Friday, 15 June 2012

Auschwitz And The Footballers

As part of their R’n’R, England’s footballers have been out and about in Poland, learning about the very bad places that parts of that country became during the Nazi occupation. Some visited the factory that inspired Schindler’s List, while others made the journey to Auschwitz. Here they were accompanied by former Chelsea and Israel manager Avram Grant, who lost many family members in the Holocaust.

Grant was in no doubt as to the value of their visit: “It’s very important you came here. It’s so good that you came here. It’s important to talk about this and spreads the message of what happened here”. And the effect on the players was sobering and chastening: there was no joshing, no humour, just the attempt to take in the full horror of what went on there.

But not everyone approved of the visit and its attendant publicity: Melanie “not just Barking but halfway to Upminster” Phillips registered a dissenting view in a piece titled “The unique evil of Auschwitz and a deeply distasteful PR stunt”. Even – a particularly delicious irony this – the BBC is cited approvingly as Mad Mel lays into the FA and Uefa for not doing more to combat prejudice.


Behold the voice of calm moderation

She concludes, after pulling the odd whopper – “Conspiracy theories about Jews controlling the media or U.S. presidents are now commonplace in British public life” – that the Holocaust “has been effectively sentimentalised”, which is a strange idea, given the preservation of sites like Auschwitz-Birkenau, along with all the grim detail of the killings, which took place on an industrial scale.

Mel’s rant seemed at first bizarre, but I held off discussing it until someone who was part of the visit gave their perspective.
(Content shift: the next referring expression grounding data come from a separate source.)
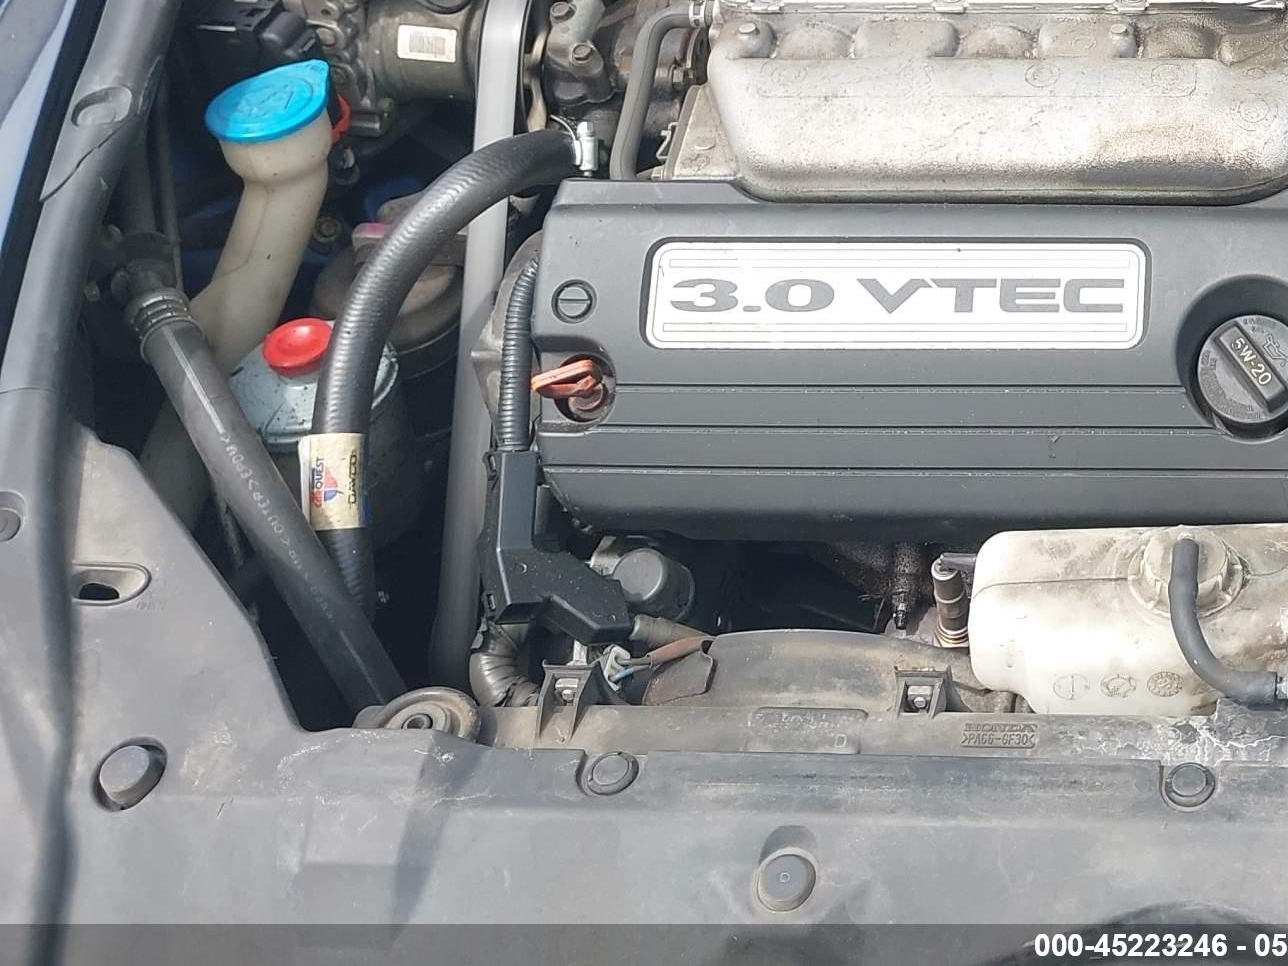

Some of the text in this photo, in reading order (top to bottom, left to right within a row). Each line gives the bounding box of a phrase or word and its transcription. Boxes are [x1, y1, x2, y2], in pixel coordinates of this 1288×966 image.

[670, 278, 1124, 314] 3.0 VTEC
[1229, 337, 1272, 385] 5W-20
[347, 454, 357, 504] DAYCO
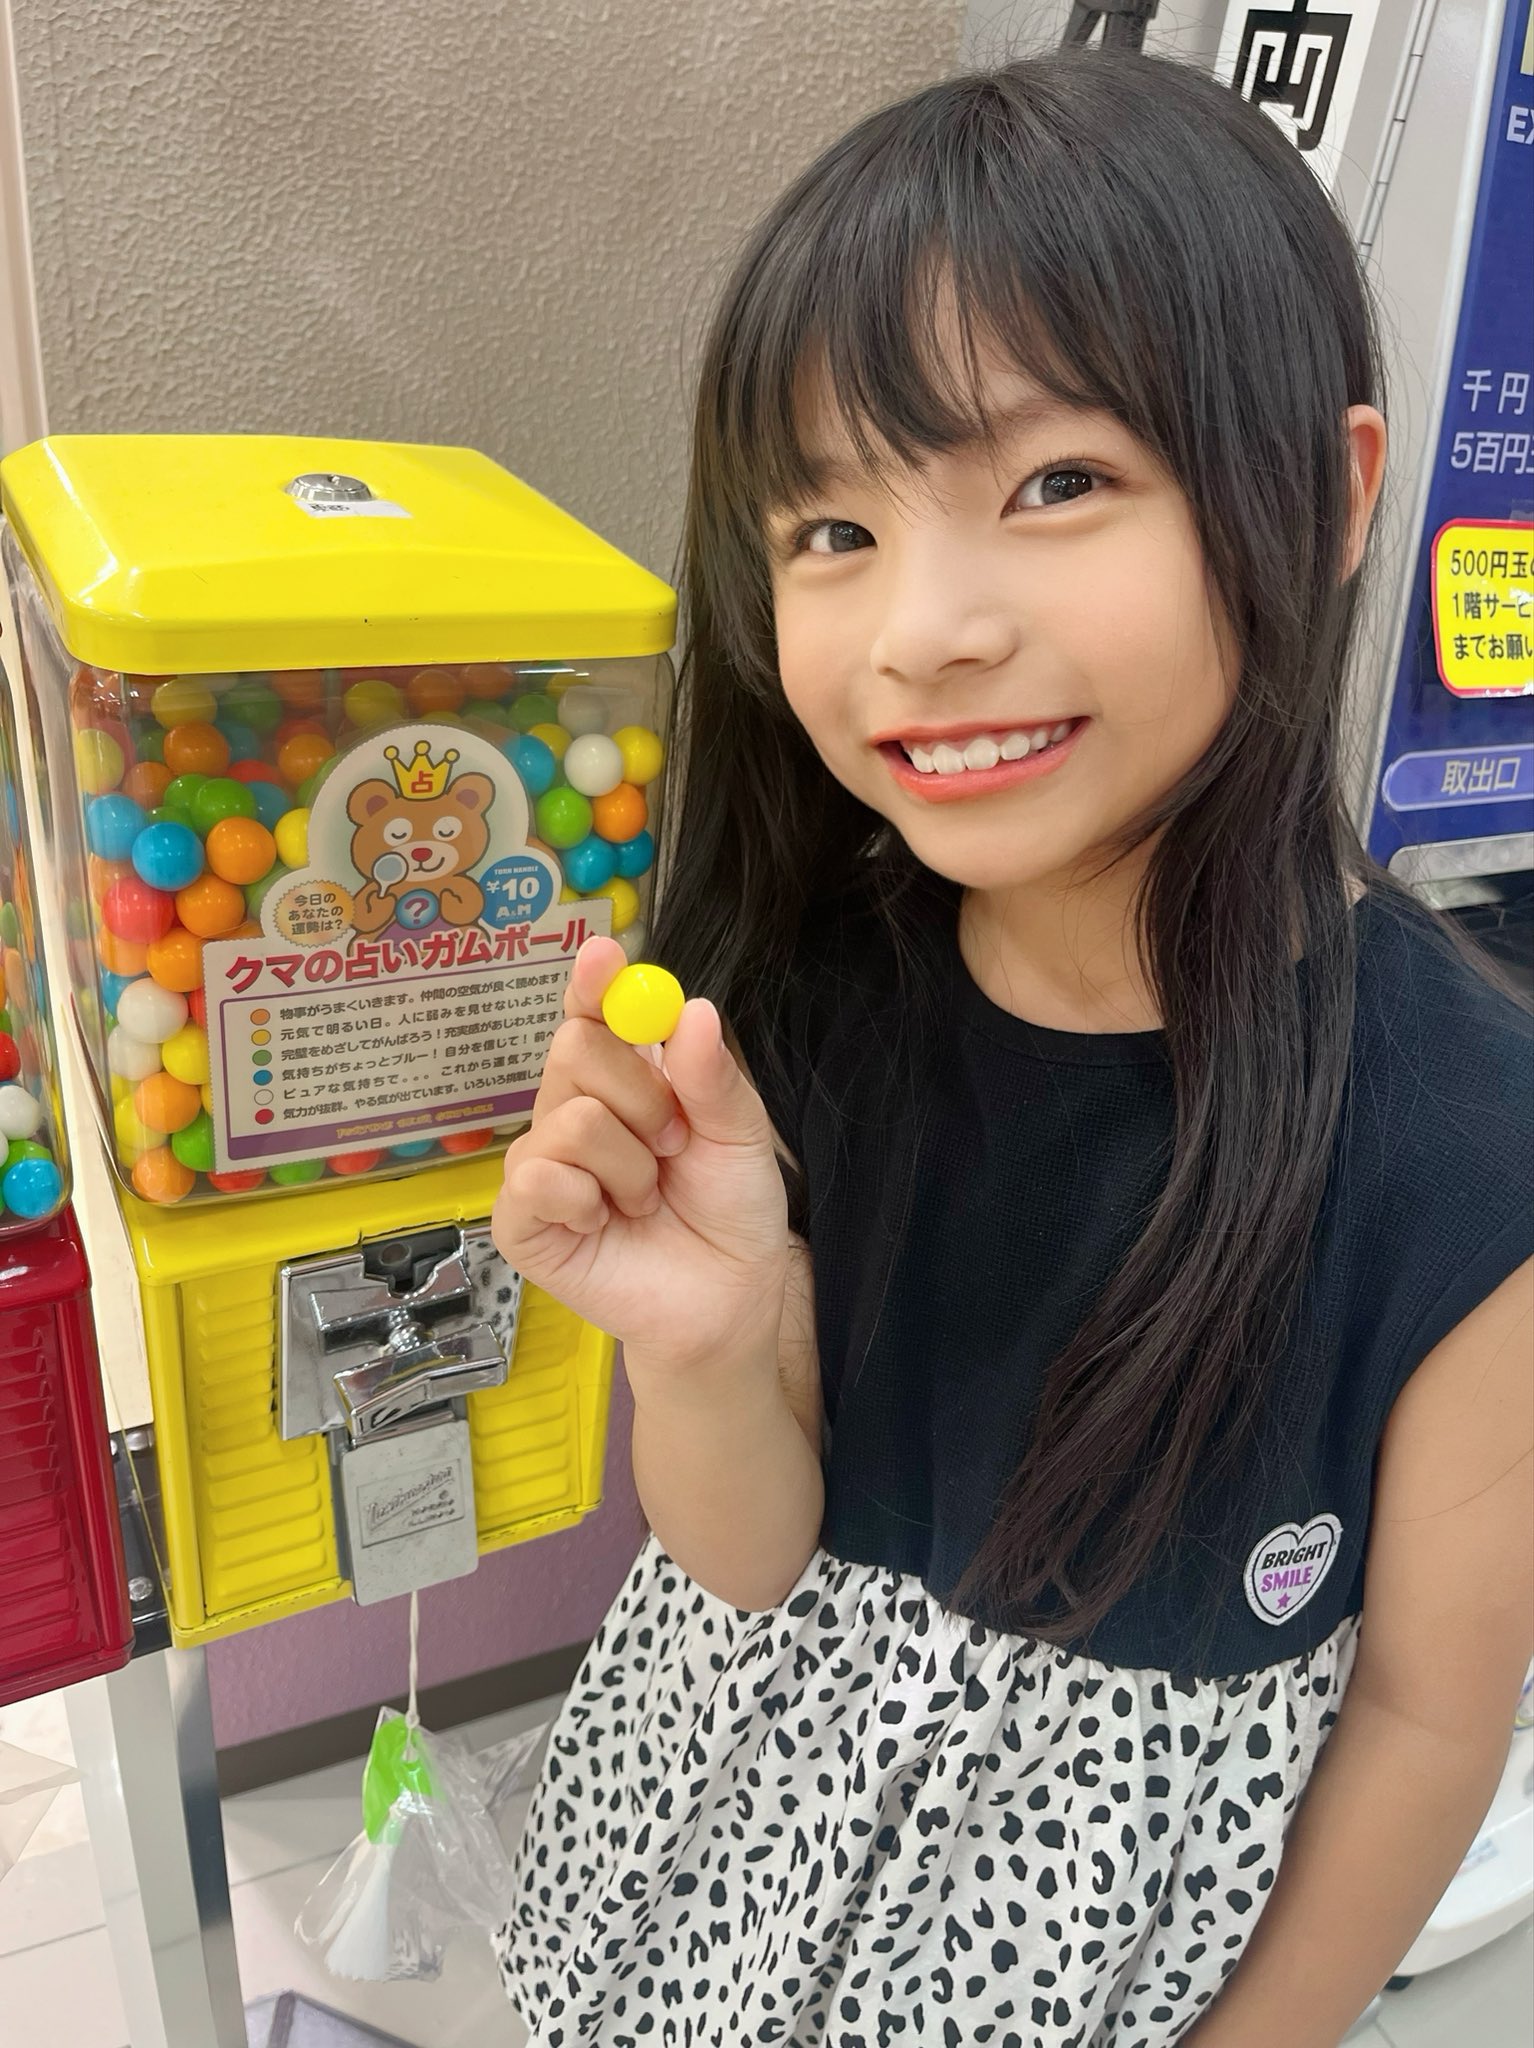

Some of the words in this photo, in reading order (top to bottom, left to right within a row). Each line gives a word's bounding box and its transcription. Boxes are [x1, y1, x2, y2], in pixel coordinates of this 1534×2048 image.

[1451, 431, 1534, 474] 5百円
[1451, 550, 1534, 578] 500円玉
[411, 770, 434, 793] 占
[1441, 757, 1521, 795] 取出口
[294, 893, 336, 907] 今日の
[486, 877, 540, 901] ¥10
[288, 906, 344, 921] あなたの
[291, 919, 343, 935] 運勢は？
[225, 918, 593, 993] クマの占いガムボール
[280, 990, 566, 1041] 元気で明るい日。人に弱みを見せないように
[1261, 1541, 1328, 1570] BRIGHT
[1261, 1566, 1313, 1593] SMILE
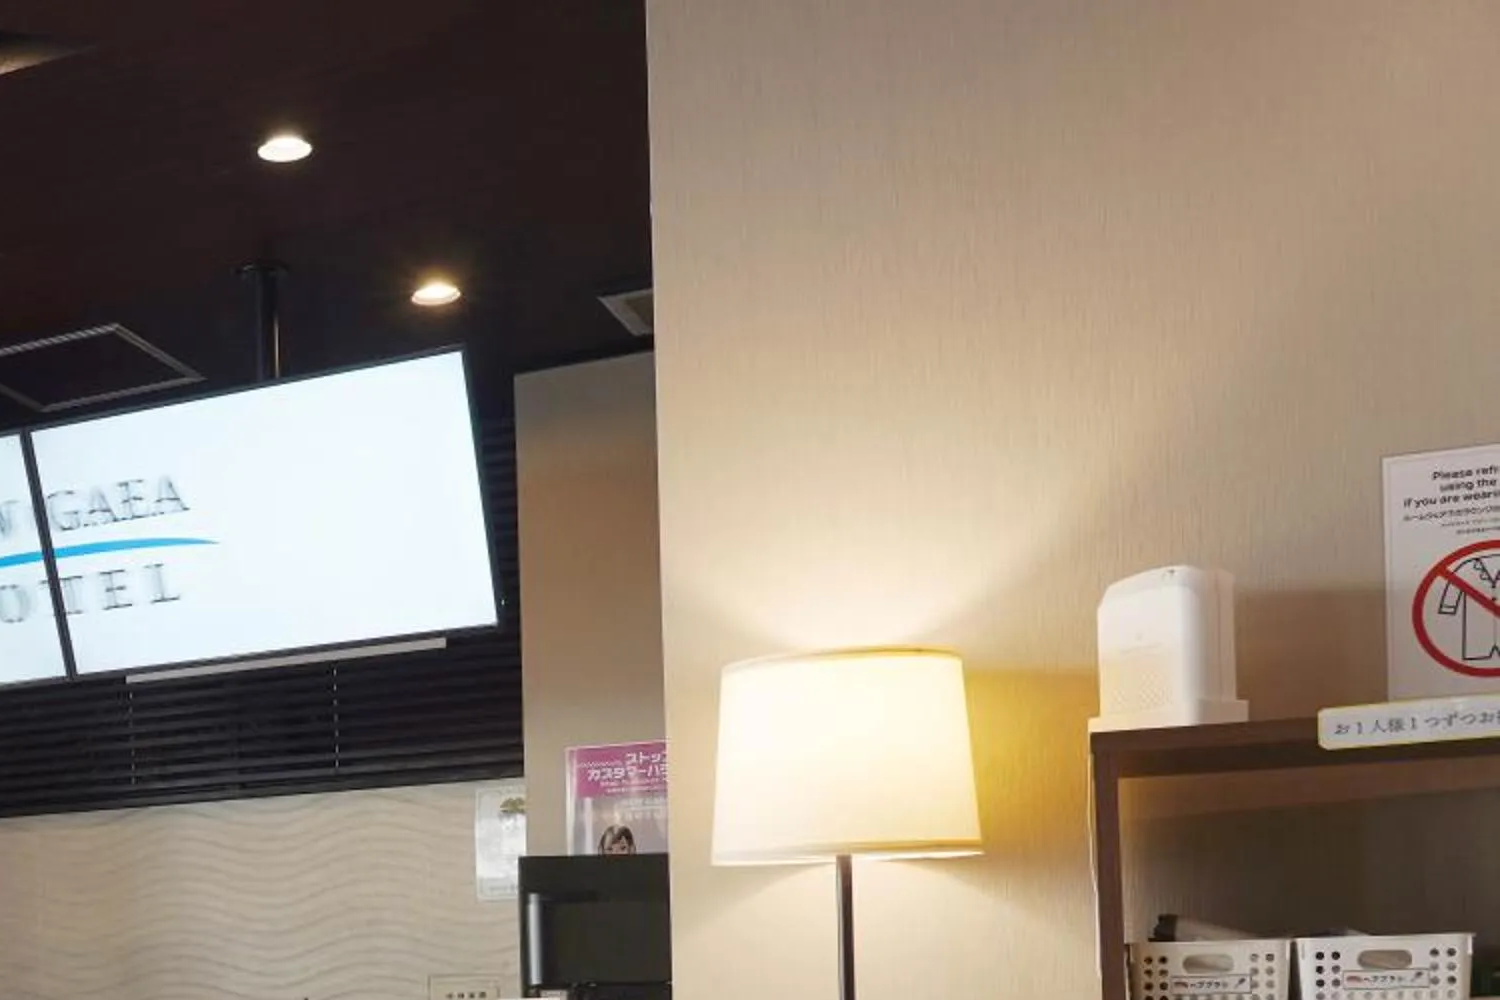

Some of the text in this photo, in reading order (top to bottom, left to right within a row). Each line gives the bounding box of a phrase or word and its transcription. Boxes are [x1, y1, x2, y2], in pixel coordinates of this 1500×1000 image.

[1431, 469, 1473, 480] Please
[1440, 479, 1497, 492] using the
[46, 474, 191, 531] GAEA
[1414, 498, 1437, 508] you
[1439, 496, 1460, 504] are
[625, 751, 666, 766] ストッ
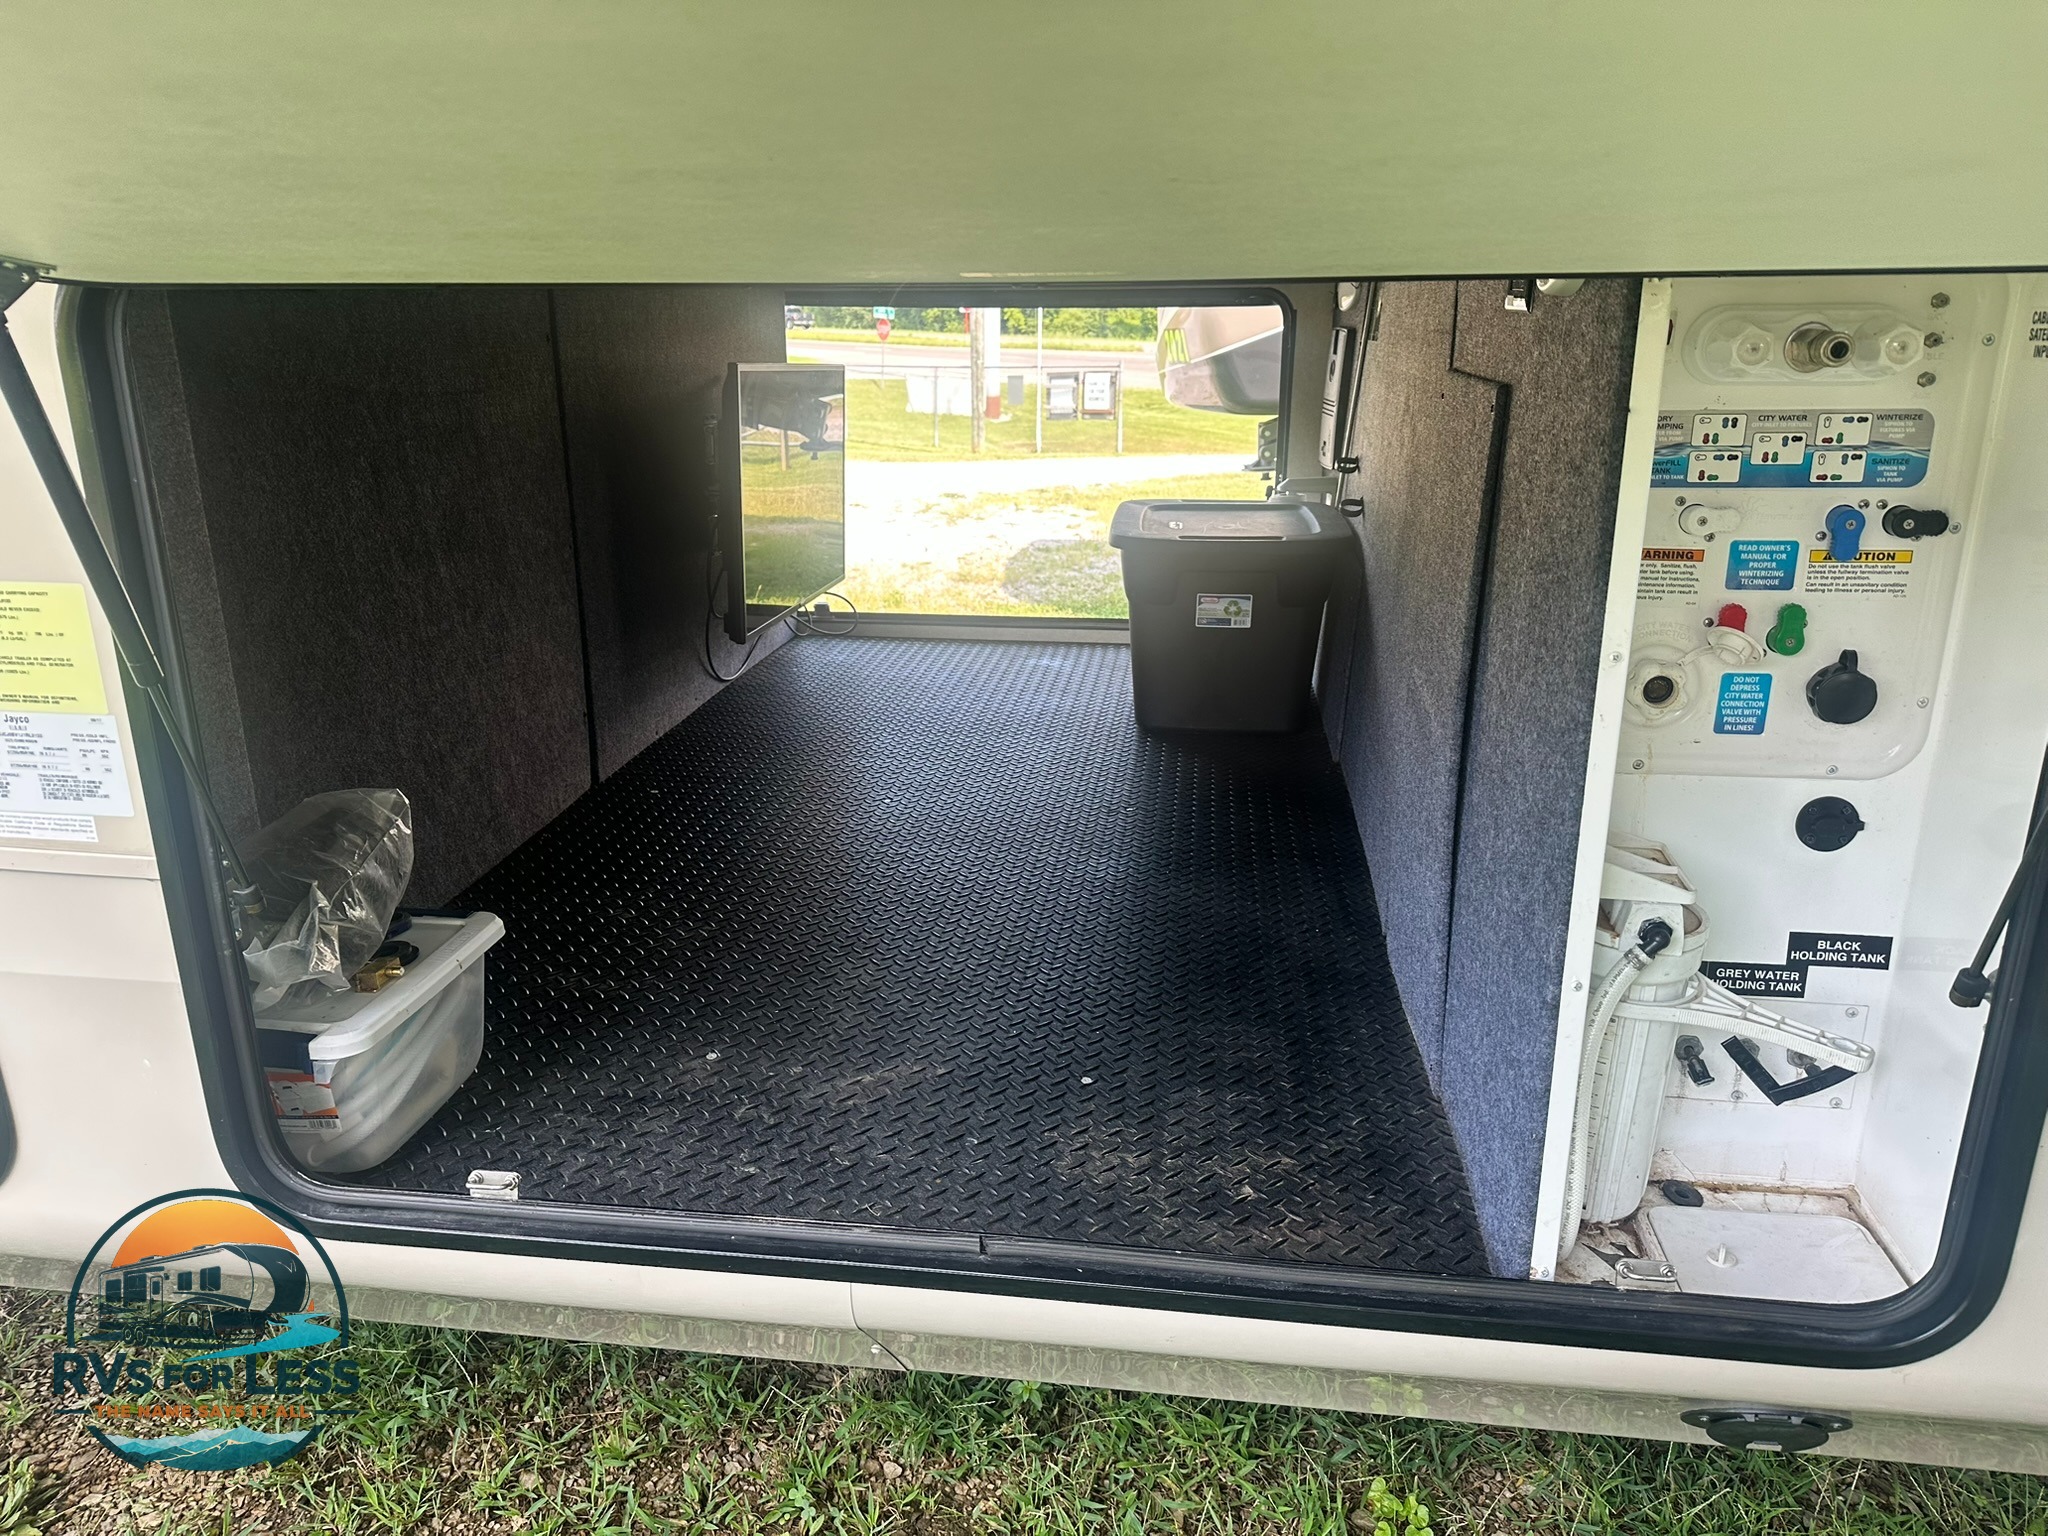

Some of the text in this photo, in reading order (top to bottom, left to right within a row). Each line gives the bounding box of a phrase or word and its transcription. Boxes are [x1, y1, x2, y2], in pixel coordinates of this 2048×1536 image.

[2032, 310, 2048, 324] CAB
[2028, 328, 2048, 341] SATE
[1757, 414, 1808, 422] CITY WATER
[1876, 413, 1924, 421] WINTERIZE
[1871, 457, 1910, 465] SANITIZE
[1758, 544, 1791, 552] OWNER'S
[1642, 550, 1694, 560] ARNING
[1853, 552, 1896, 561] UTION
[1740, 578, 1780, 586] TECHNIQUE
[1720, 700, 1765, 708] CONNECTION
[3, 713, 30, 724] Jayco
[1817, 940, 1861, 951] BLACK
[1790, 951, 1886, 963] HOLDING TANK
[1716, 968, 1800, 981] GREY WATER
[1769, 981, 1803, 992] TANK
This has now come from Stephen Pollard of the Jewish Chronicle (JC), who accompanied the team. He admits to being wary at the outset, but reports that within minutes of the players alighting from the coach, “it was obvious that such fears were misplaced”.

He continues: “Rooney and the others paced out the path taken by the victims. As footballers they think in spaces; it was as if they needed to see the geography itself, fully to grasp the implications of the picture ... as Rooney put it afterwards ‘There was the guy who made all the decisions, whether they lived or died. He’s probably gone home after that, listened to music, and had dinner with his family as if nothing had happened. It’s crazy. It’s hard to understand’”.

Pollard concludes “Make no mistake, this was no mere PR stunt”, and notes that the impact of work by the Holocaust Memorial Trust and the FA “will be immeasurably stronger with the participation of the England team”. If only Melanie Phillips had given him a call before launching her tirade.

Sometimes the impression is given that she rants just for the sake of it.